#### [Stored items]
──────────────────────────────
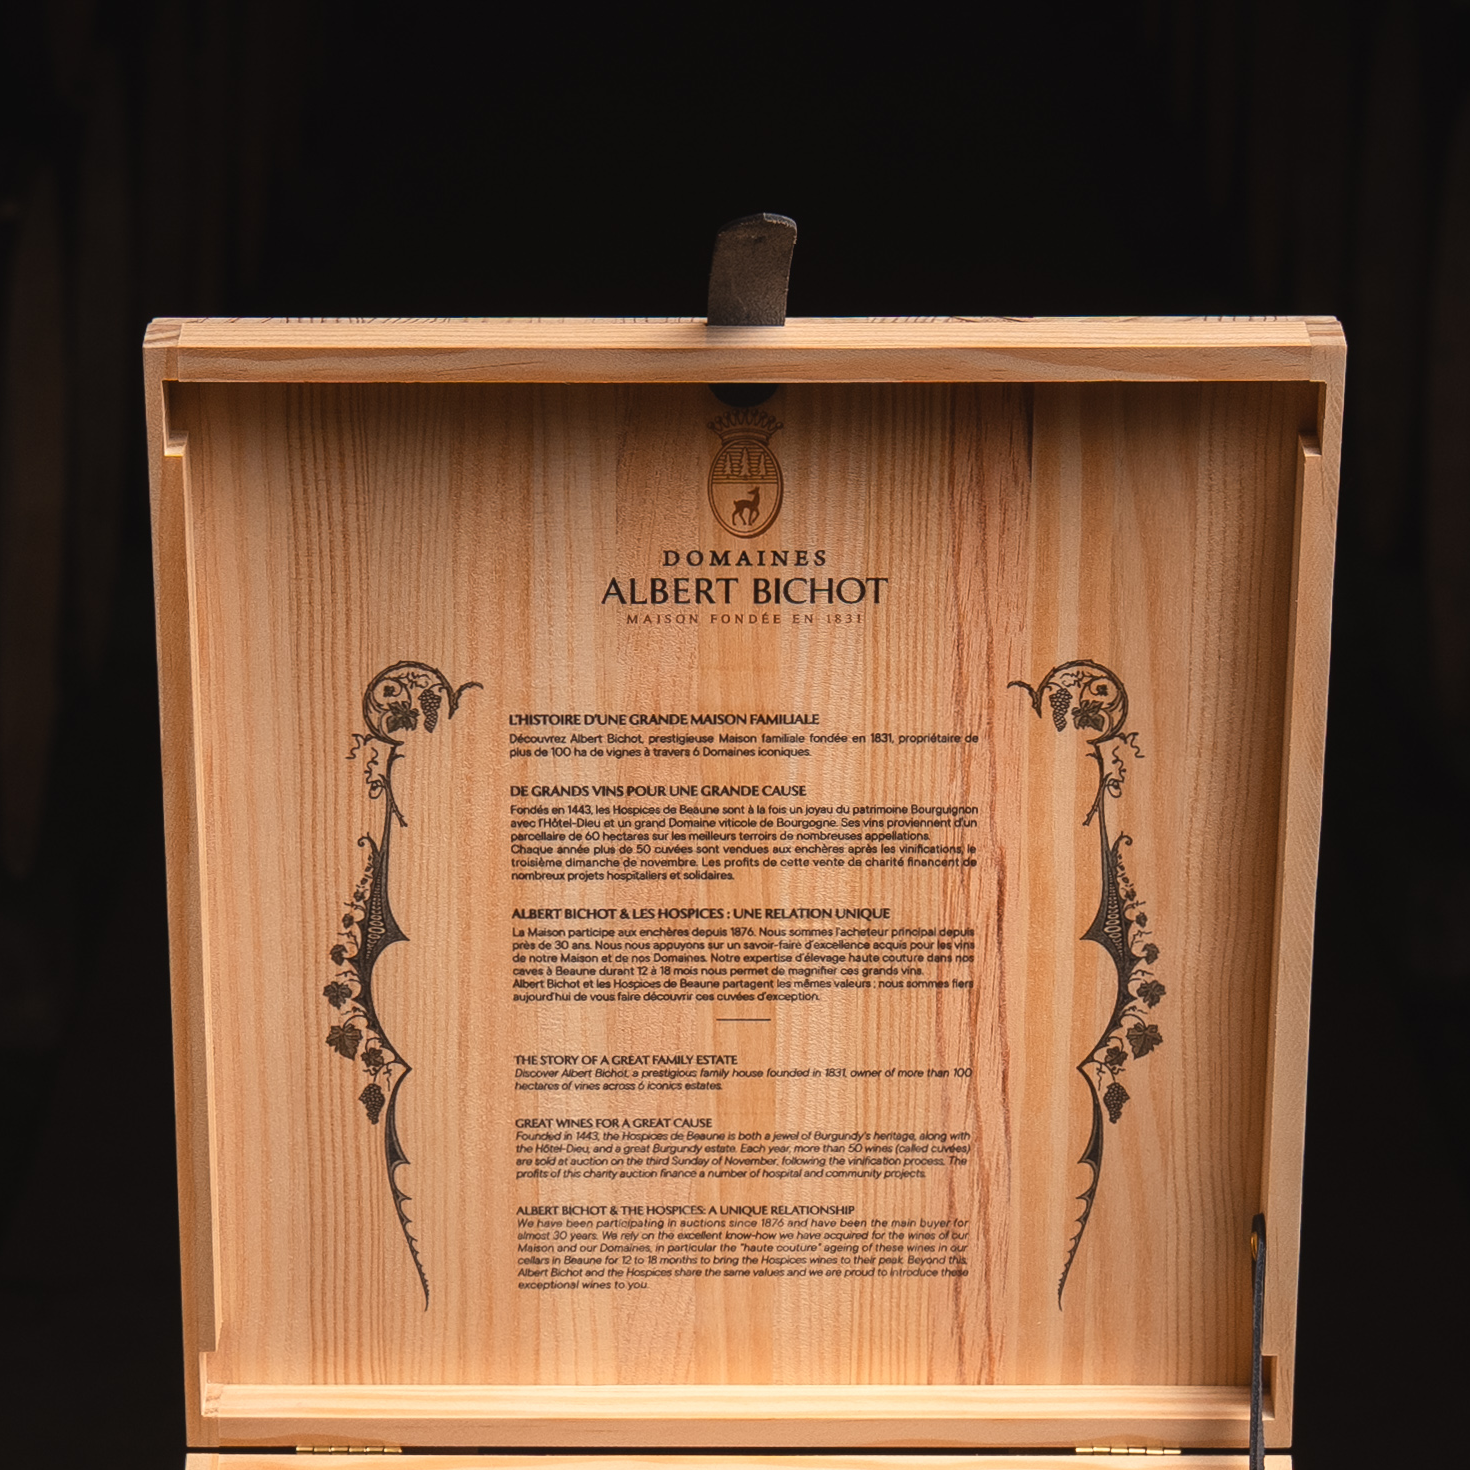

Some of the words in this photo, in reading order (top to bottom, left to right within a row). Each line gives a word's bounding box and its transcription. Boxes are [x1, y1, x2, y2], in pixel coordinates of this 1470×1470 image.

[662, 549, 826, 567] DOMAINES
[601, 577, 739, 605] ALBERT
[753, 577, 888, 605] BICHOT
[627, 612, 699, 624] MAISON
[711, 612, 781, 624] FONDÉE
[792, 614, 814, 625] EN
[827, 614, 862, 625] 1831
[509, 714, 581, 726] L'HISTOIRE
[583, 713, 628, 726] D'UNE
[629, 714, 688, 725] GRANDE
[691, 713, 747, 725] MAISON
[749, 713, 820, 726] FAMILIALE
[509, 733, 567, 744] Découvrez
[570, 734, 603, 743] Albert
[607, 734, 644, 744] Bichot,
[649, 733, 714, 746] prestigieuse
[719, 733, 757, 743] Maison
[761, 733, 805, 743] familiale
[809, 732, 849, 743] fondée
[871, 732, 894, 744] 1831,
[898, 733, 962, 746] propriétaire
[964, 733, 979, 744] de
[510, 786, 529, 797] DE
[531, 785, 589, 797] GRANDS
[591, 785, 624, 797] VINS
[625, 785, 667, 797] POUR
[669, 785, 698, 796] UNE
[701, 785, 759, 796] GRANDE
[761, 784, 807, 797] CAUSE
[511, 871, 565, 881] nombreux
[567, 870, 605, 882] projets
[607, 870, 667, 882] hospitaliers
[669, 868, 681, 880] et
[683, 868, 735, 880] solidaires.
[511, 908, 562, 919] ALBERT
[564, 908, 617, 919] BICHOT
[619, 908, 630, 919] &
[632, 908, 655, 919] LES
[657, 906, 724, 919] HOSPICES
[733, 908, 762, 919] UNE
[765, 908, 833, 920] RELATION
[835, 907, 891, 921] UNIQUE
[515, 1054, 538, 1065] THE
[540, 1055, 579, 1065] STORY
[581, 1055, 598, 1065] OF
[600, 1055, 609, 1065] A
[611, 1054, 650, 1065] GREAT
[652, 1055, 693, 1065] FAMILY
[696, 1055, 738, 1065] ESTATE
[515, 1118, 553, 1128] GREAT
[556, 1118, 593, 1128] WINES
[595, 1118, 619, 1128] FOR
[622, 1118, 631, 1128] A
[632, 1118, 671, 1128] GREAT
[673, 1118, 712, 1128] CAUSE
[516, 1205, 560, 1216] ALBERT
[561, 1205, 608, 1216] BICHOT
[609, 1206, 618, 1216] &
[620, 1206, 643, 1216] THE
[646, 1205, 706, 1215] HOSPICES:
[708, 1206, 717, 1215] A
[719, 1205, 768, 1218] UNIQUE
[770, 1205, 855, 1216] RELATIONSHIP
[518, 1280, 579, 1290] exceptional
[582, 1280, 611, 1289] wines
[615, 1281, 625, 1289] to
──────────────────────────────
#### [Directions for this task]
If a line of the entries holds the word "GREAT", copy it out.

#### [Solution to this task]
[611, 1054, 650, 1065] GREAT
[515, 1118, 553, 1128] GREAT
[632, 1118, 671, 1128] GREAT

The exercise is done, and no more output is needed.